Hacker Newsnew | past | comments | ask | show | jobs | submitlogin

Could you elaborate or link something here? I think about this pretty frequently, so would love to read something!


Metric: time to run 100m

Context: track athlete

Does it cease to be a good metric? No. After this you can likely come up with many examples of target metrics which never turn bad.


If it were a good metric there wouldn't be a few phone books worth of regulations on what you can do before and during running 100 meters. From banning rocket shoes, to steroids, to robot legs the 100 meter run is a perfect example of a terrible metric both intrinsically as a measure of running speed and extrinsically as a measure of fitness.


> Metric: time to run 100m

> Context: track athlete

> Does it cease to be a good metric? No.

What do you mean? People start doping or showing up with creatively designed shoes and you need to layer on a complicated system to decide if that's cheating, but some of the methods are harder to detect and then some people cheat anyway, or you ban steroids or stimulants but allow them if they're by prescription to treat an unrelated medical condition and then people start getting prescriptions under false pretexts in order to get better times. Or worse, someone notices that the competition can't set a good time with a broken leg.


So what is your argument, that it doesn't apply everywhere therefore it applies nowhere?

You're misunderstanding the root cause. Your example works as the the metric is well aligned. I'm sure you can also think of many examples where the metric is not well aligned and maximizing it becomes harmful. How do you think we ended up with clickbait titles? Why was everyone so focused on clicks? Let's think about engagement metrics. Is that what we really want to measure? Do we have no preference over users being happy vs users being angry or sad?
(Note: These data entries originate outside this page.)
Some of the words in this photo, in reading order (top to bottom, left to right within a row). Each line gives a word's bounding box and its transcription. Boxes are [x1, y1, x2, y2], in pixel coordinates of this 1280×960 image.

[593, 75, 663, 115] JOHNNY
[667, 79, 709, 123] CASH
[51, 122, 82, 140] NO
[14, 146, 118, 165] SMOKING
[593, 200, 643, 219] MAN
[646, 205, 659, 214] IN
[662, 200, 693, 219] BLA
Or are those things much harder to measure, if not impossible to, and thus we focus on our proxies instead? So what happens when someone doesn't realize it is a proxy and becomes hyper fixated on it? What happens if someone does realize it is a proxy but is rewarded via the metric so they don't really care?
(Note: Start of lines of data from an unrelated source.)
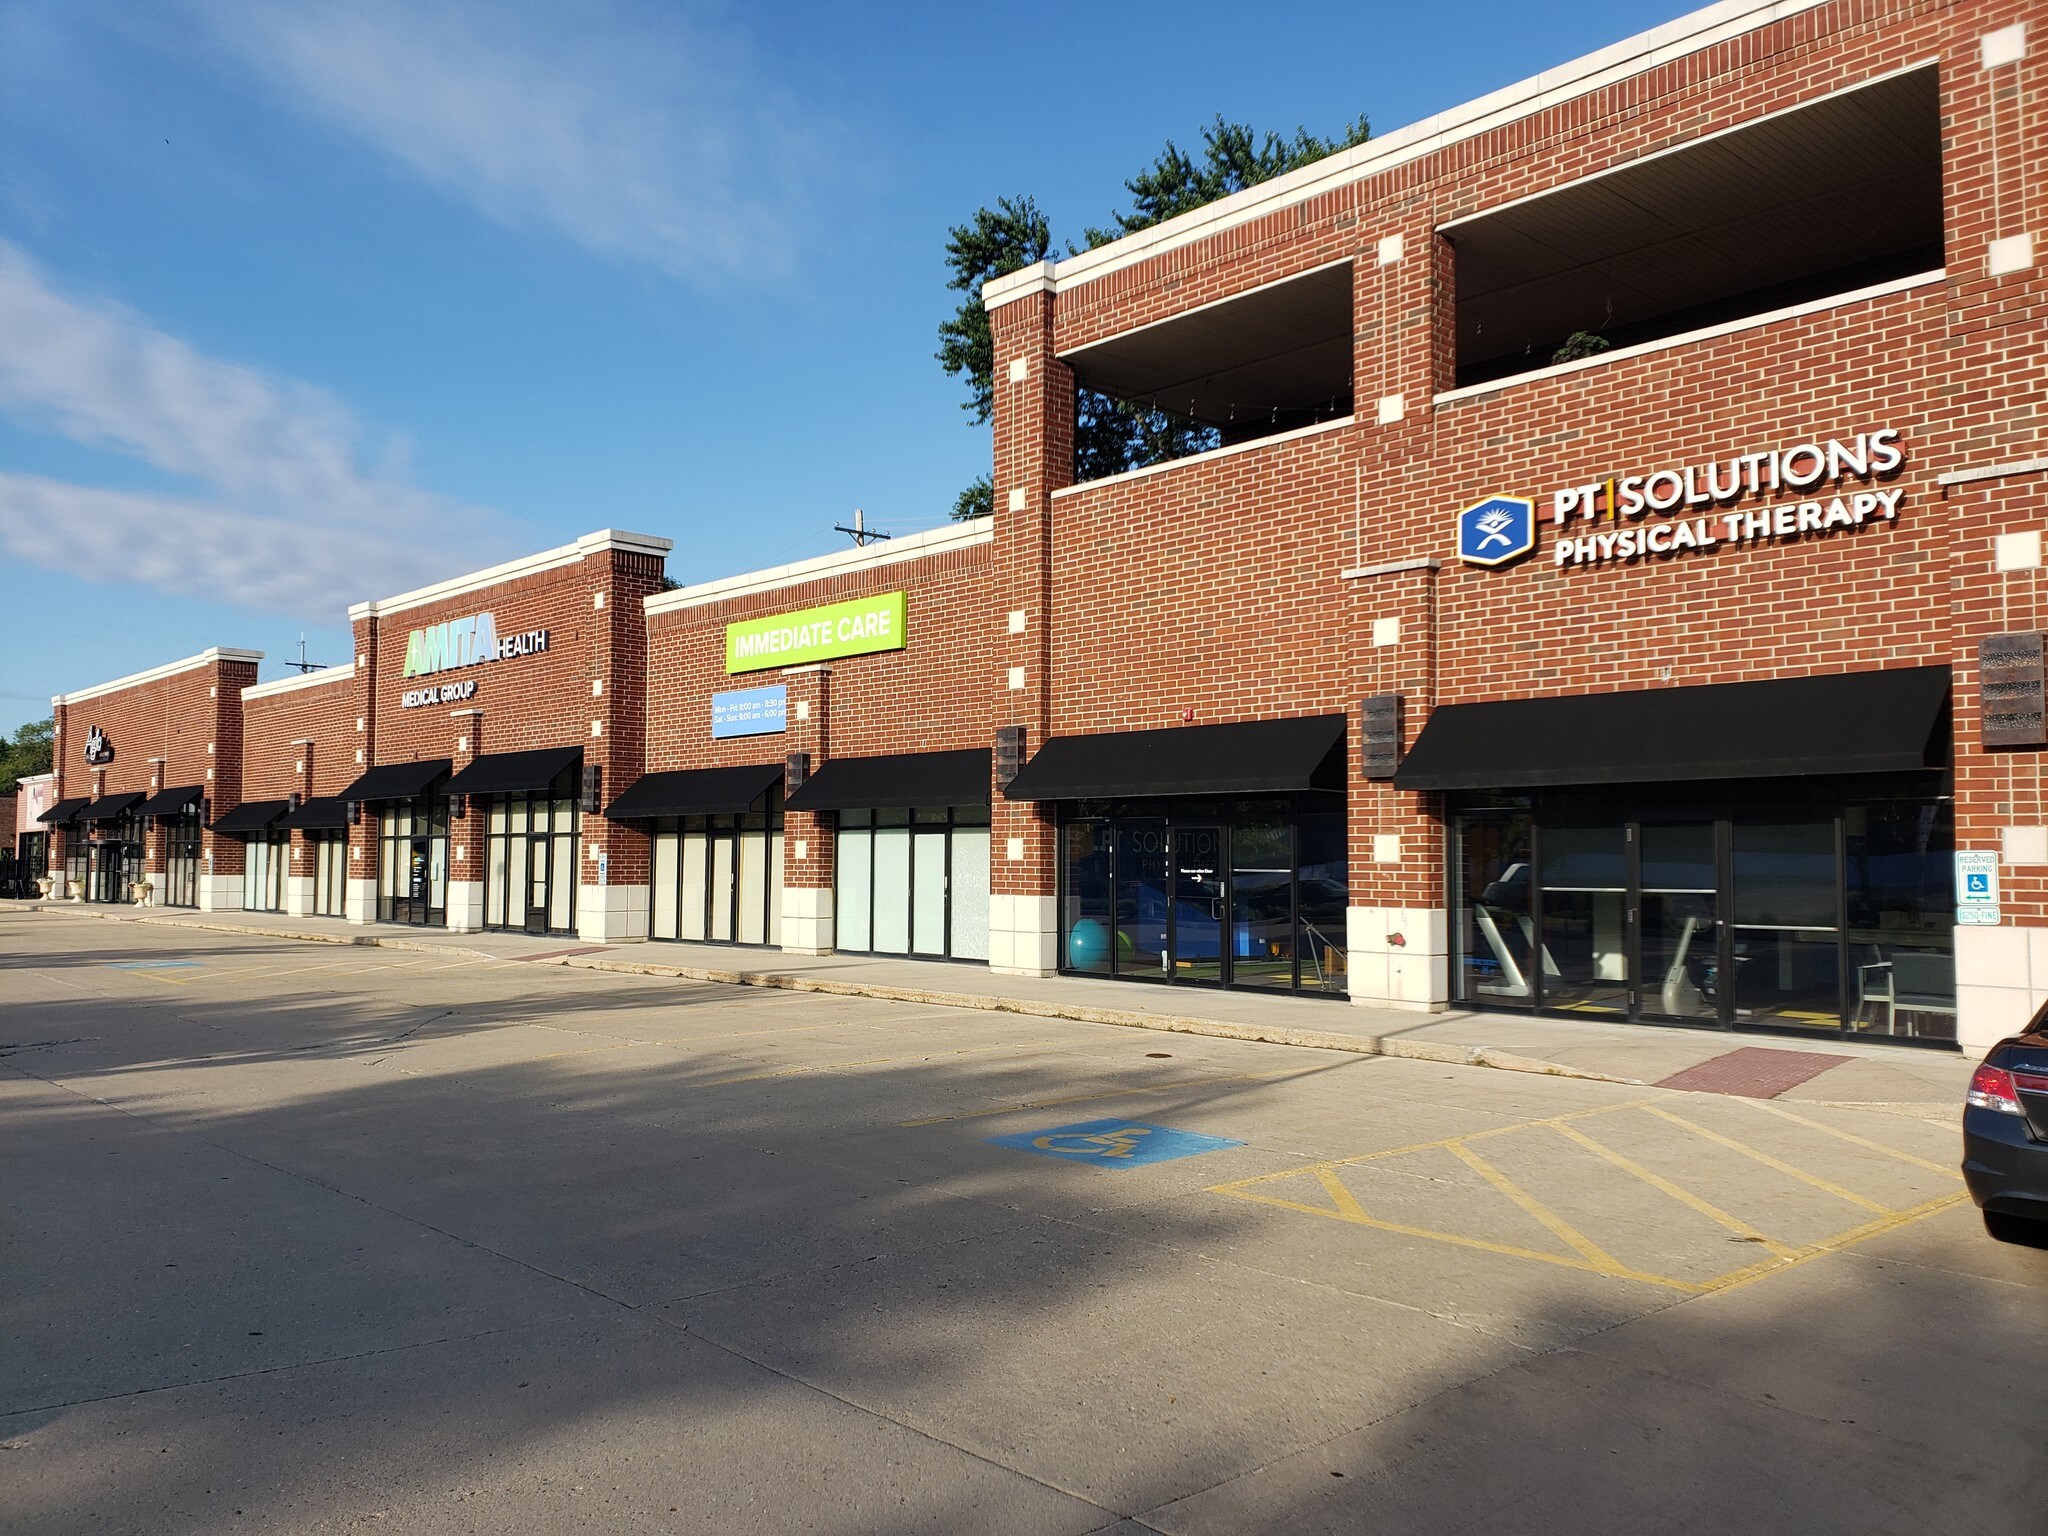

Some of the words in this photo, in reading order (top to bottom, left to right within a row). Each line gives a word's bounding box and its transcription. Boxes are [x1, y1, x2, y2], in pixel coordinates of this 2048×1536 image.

[1555, 517, 1716, 567] PHYSICAL
[1727, 488, 1903, 541] THERAPY
[735, 620, 833, 659] IMMEDIATE
[837, 609, 891, 642] CARE
[403, 612, 499, 678] AMITA
[497, 629, 547, 660] HEALTH
[401, 687, 439, 709] MEDICAL
[440, 681, 475, 702] GROUP
[714, 705, 726, 714] Mon
[752, 702, 760, 710] am
[714, 715, 723, 724] Sat
[752, 712, 760, 720] am
[1960, 855, 1995, 864] RESERVED
[1962, 865, 1993, 873] PARKING
[1981, 911, 1997, 920] FINE
Your example works in the simple case, but a lot of things look trivial when you only approach them from a first order approximation. You left out all the hard stuff. It's kinda like...

Edit: Looks like some people are bringing up metric limits that I couldn't come up with. Thanks!


> So what is your argument, that it doesn't apply everywhere therefore it applies nowhere?

I never said that. Someone said the law collapses, someone asked for a link, I gave an example to prove it does break down in some cases at least, but many cases once you think more about it. I never said all cases.

If it works sometimes and not others, it's not a law. It's just an observation of something that can happen or not.


  > I never said all cases.
You're right. My bad. I inferred that through the context of the conversation.

  > If it works sometimes and not others, it's not a law.
I think you are misreading and that is likely what lead to the aforementioned misunderstanding. You're right that it isn't a scientific law, but the term "law" gets thrown around a lot in a more colloquial manner. Unfortunately words are overloaded and have multiple meanings. We do the same thing to "hypothesis", "paradox", and lots of other things. I hope this clarifies the context. (even many of the physics laws aren't as strong as you might think)

But there are many "laws" used in the same form. They're eponymous laws[0], not scientific ones. Read "adage". You'll also find that word used in the opening sentence on the Wiki article I linked as well as most (if not all) of them in [0]

[0] https://en.wikipedia.org/wiki/List_of_eponymous_laws


it doesn't break down - see comments about rules above. it was the perfect example to prove yourself wrong.


I disagree with all of those examples, they are misunderstanding what it means for the metric to break down in the context of the law, but alas. "If you run a different race" lol.


  > in the context of the law
That's the key part. The metric has context, right?

And that's where Goodhart's "Law" comes in. A metric has no meaning without context. This is why metrics need to be interpreted. They need to be evaluated in context. Sometimes this context is explicit but other times it is implicit. Often people will hack the metric as the implicit rule is not explicit and well that's usually a quick way to make those rules explicit.

Here's another way to think about it: no rule can be so perfectly written that it has no exceptions.


could you explain what you think the difference is?

a metric is chosen, people start to game the system by doing things that make the metric improve but the original intent is lost. increasingly specific rules/laws have to be made up to make the metric appear to work, but it becomes a lost cause as more and more creative ways are found to work around the rules.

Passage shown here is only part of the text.